# Data Loader for the Cell atlas of aqueous humor outflow

Paper link: https://www.pnas.org/doi/10.1073/pnas.2001250117

For data links use these or go to the subseries section on https://www.ncbi.nlm.nih.gov/geo/query/acc.cgi with  GSE146188

Mouse
https://ftp.ncbi.nlm.nih.gov/geo/series/GSE146nnn/GSE146186/suppl/GSE146186_Mouse_count_matrix.csv.gz 

Pig
https://ftp.ncbi.nlm.nih.gov/geo/series/GSE146nnn/GSE146187/suppl/GSE146187_Pig_count_matrix.csv.gz

Human
https://ftp.ncbi.nlm.nih.gov/geo/series/GSE148nnn/GSE148371/suppl/GSE148371_Human_count_matrix.csv.gz

MacaF
https://ftp.ncbi.nlm.nih.gov/geo/series/GSE148nnn/GSE148373/suppl/GSE148373_MacaF_count_matrix.csv.gz

MacaM
https://ftp.ncbi.nlm.nih.gov/geo/series/GSE148nnn/GSE148374/suppl/GSE148374_MacaqueM_count_matrix.csv.gz

Get each with command `wget -r '...' -O ...csv.gz`

In [3]:
!wget -r 'https://ftp.ncbi.nlm.nih.gov/geo/series/GSE146nnn/GSE146186/suppl/GSE146186_Mouse_count_matrix.csv.gz' -O data/mouse.csv.gz
!wget -r 'https://ftp.ncbi.nlm.nih.gov/geo/series/GSE146nnn/GSE146187/suppl/GSE146187_Pig_count_matrix.csv.gz' -O data/pig.csv.gz
!wget -r 'https://ftp.ncbi.nlm.nih.gov/geo/series/GSE148nnn/GSE148371/suppl/GSE148371_Human_count_matrix.csv.gz' -O data/human.csv.gz
!wget -r 'https://ftp.ncbi.nlm.nih.gov/geo/series/GSE148nnn/GSE148373/suppl/GSE148373_MacaF_count_matrix.csv.gz' -O data/macaF.csv.gz
!wget -r 'https://ftp.ncbi.nlm.nih.gov/geo/series/GSE148nnn/GSE148374/suppl/GSE148374_MacaqueM_count_matrix.csv.gz' -O data/macaM.csv.gz

will be placed in the single file you specified.

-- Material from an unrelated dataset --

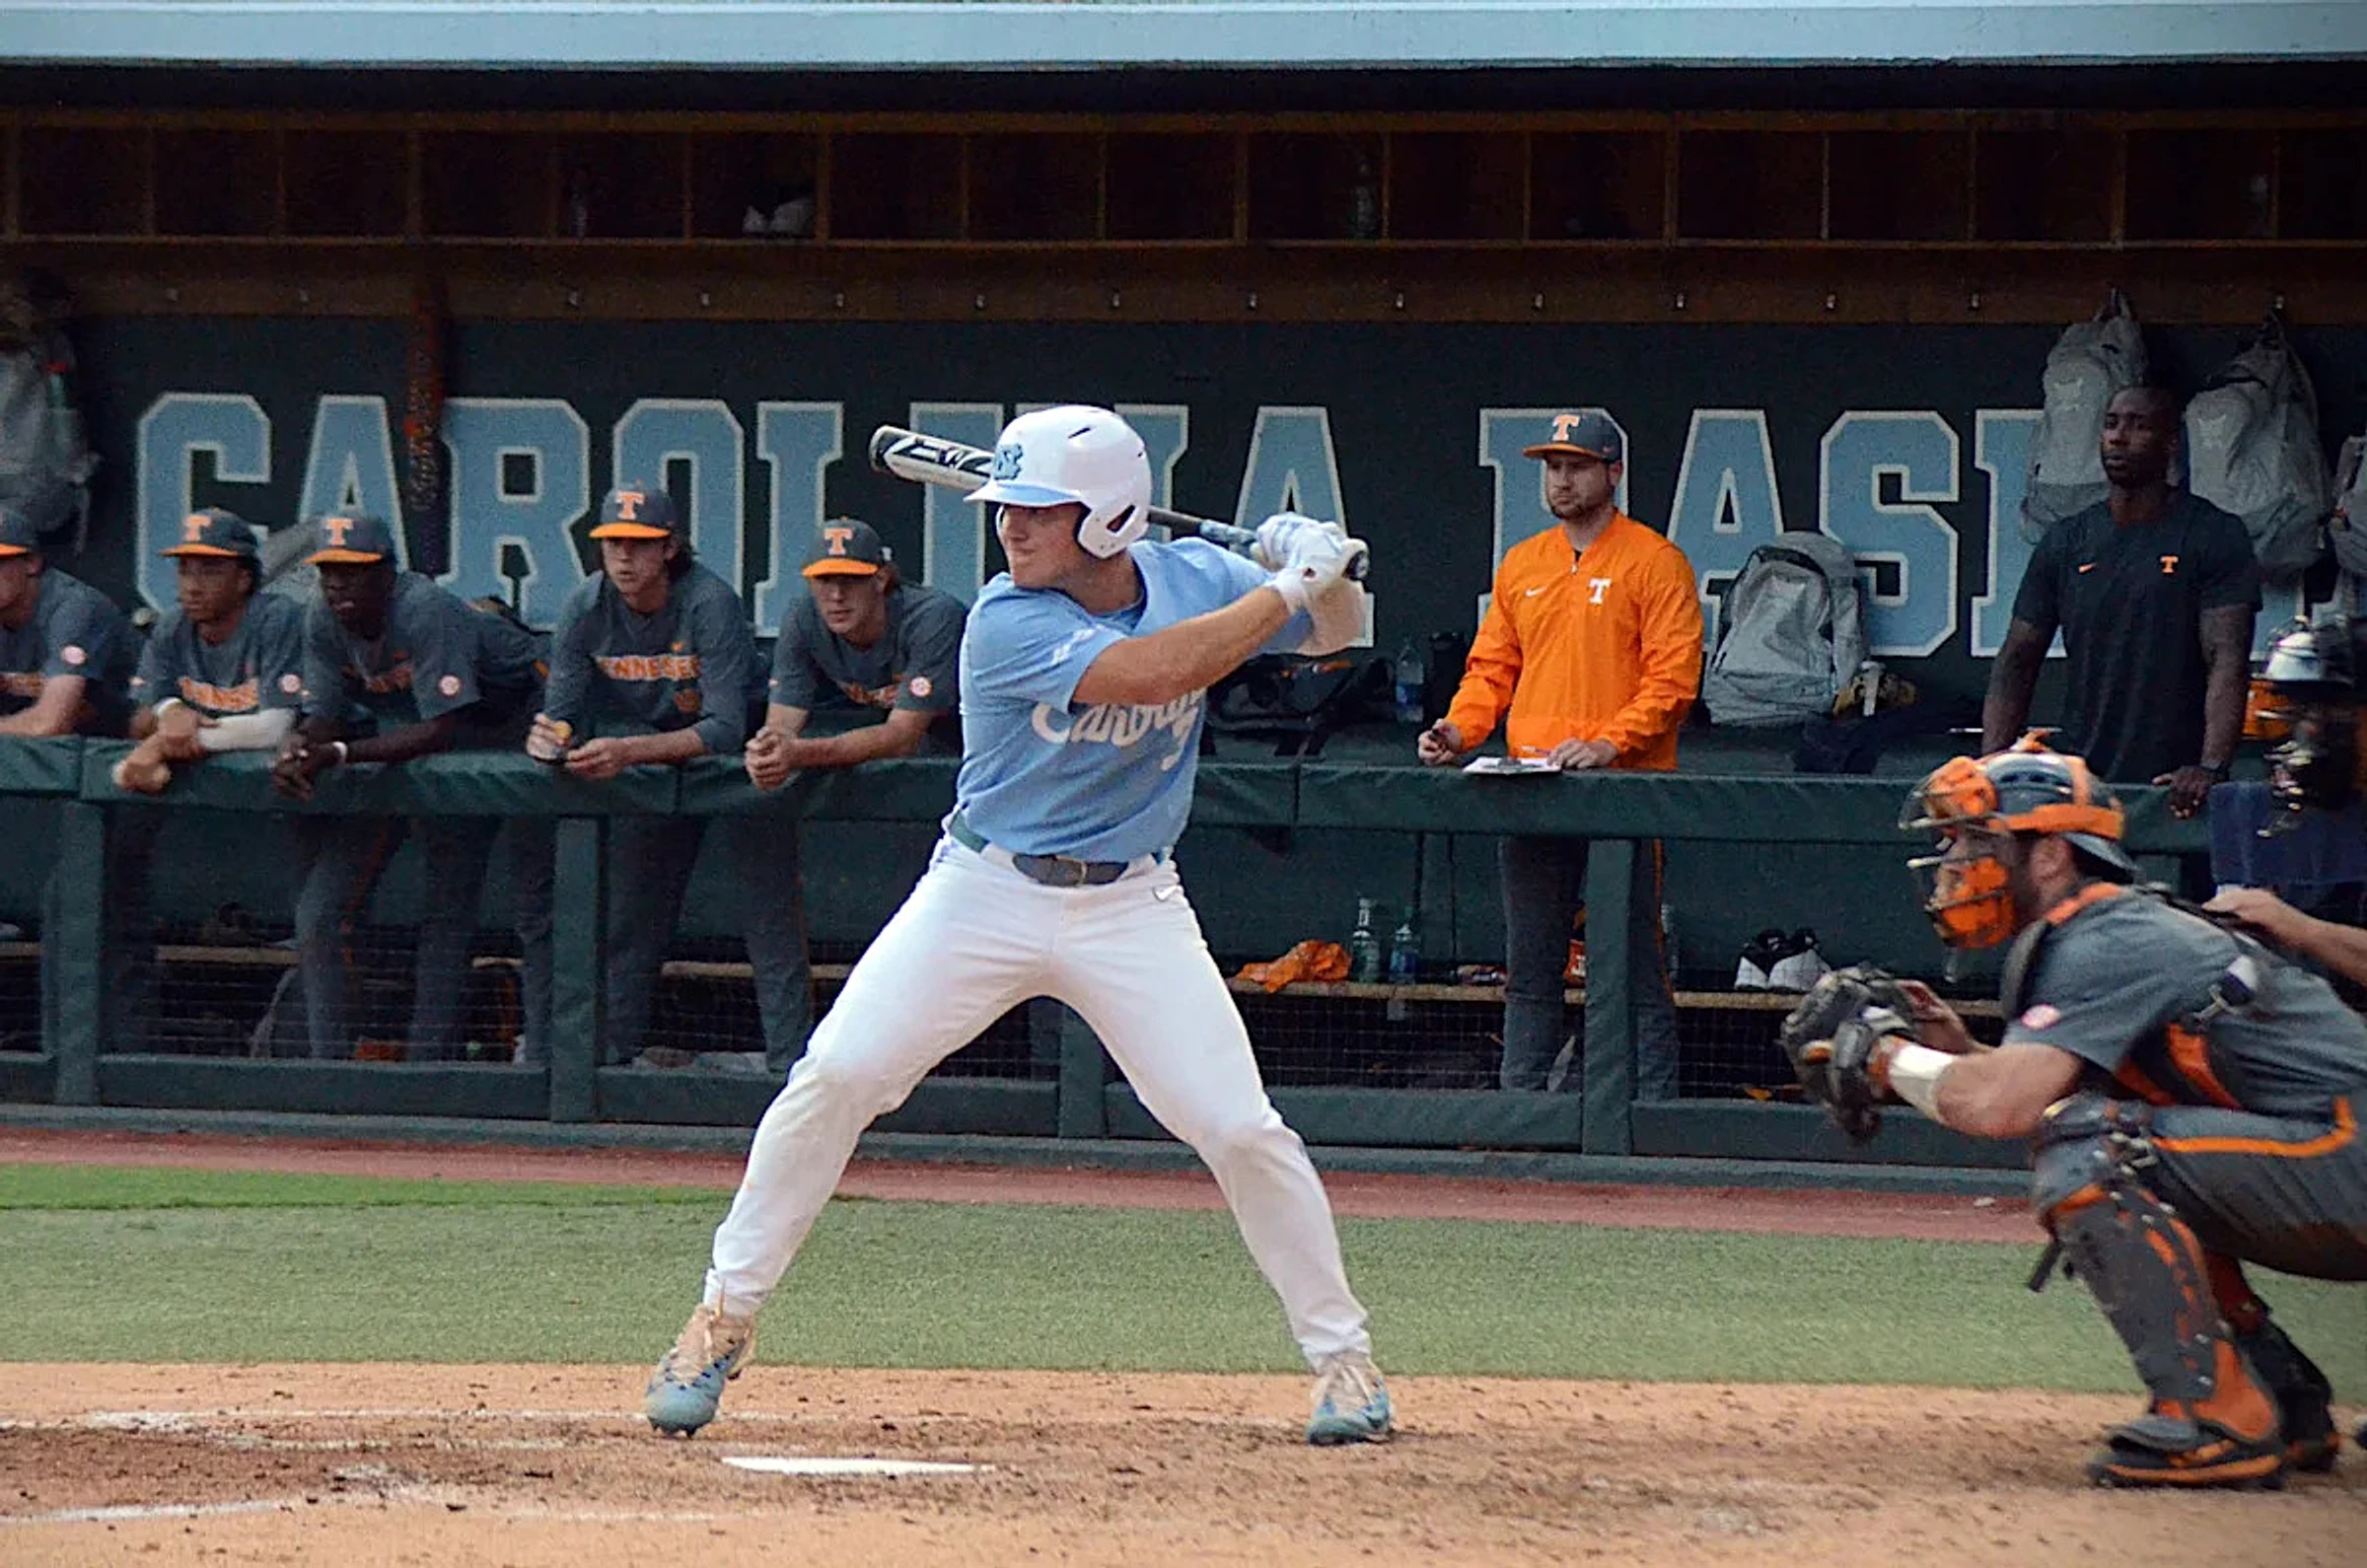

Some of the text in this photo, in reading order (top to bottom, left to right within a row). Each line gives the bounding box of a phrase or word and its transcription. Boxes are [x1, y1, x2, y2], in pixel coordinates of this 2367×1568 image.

--2022-11-14 11:34:44--  https://ftp.ncbi.nlm.nih.gov/geo/series/GSE146nnn/GSE146186/suppl/GSE146186_Mouse_count_matrix.csv.gz
Resolving ftp.ncbi.nlm.nih.gov (ftp.ncbi.nlm.nih.gov)... 165.112.9.228, 165.112.9.230, 2607:f220:41e:250::7, ...
Connecting to ftp.ncbi.nlm.nih.gov (ftp.ncbi.nlm.nih.gov)|165.112.9.228|:443... connected.
HTTP request sent, awaiting response... 200 OK
Length: 13462876 (13M) [application/x-gzip]
Saving to: ‘data/mouse.csv.gz’


2022-11-14 11:34:46 (6.39 MB/s) - ‘data/mouse.csv.gz’ saved [13462876/13462876]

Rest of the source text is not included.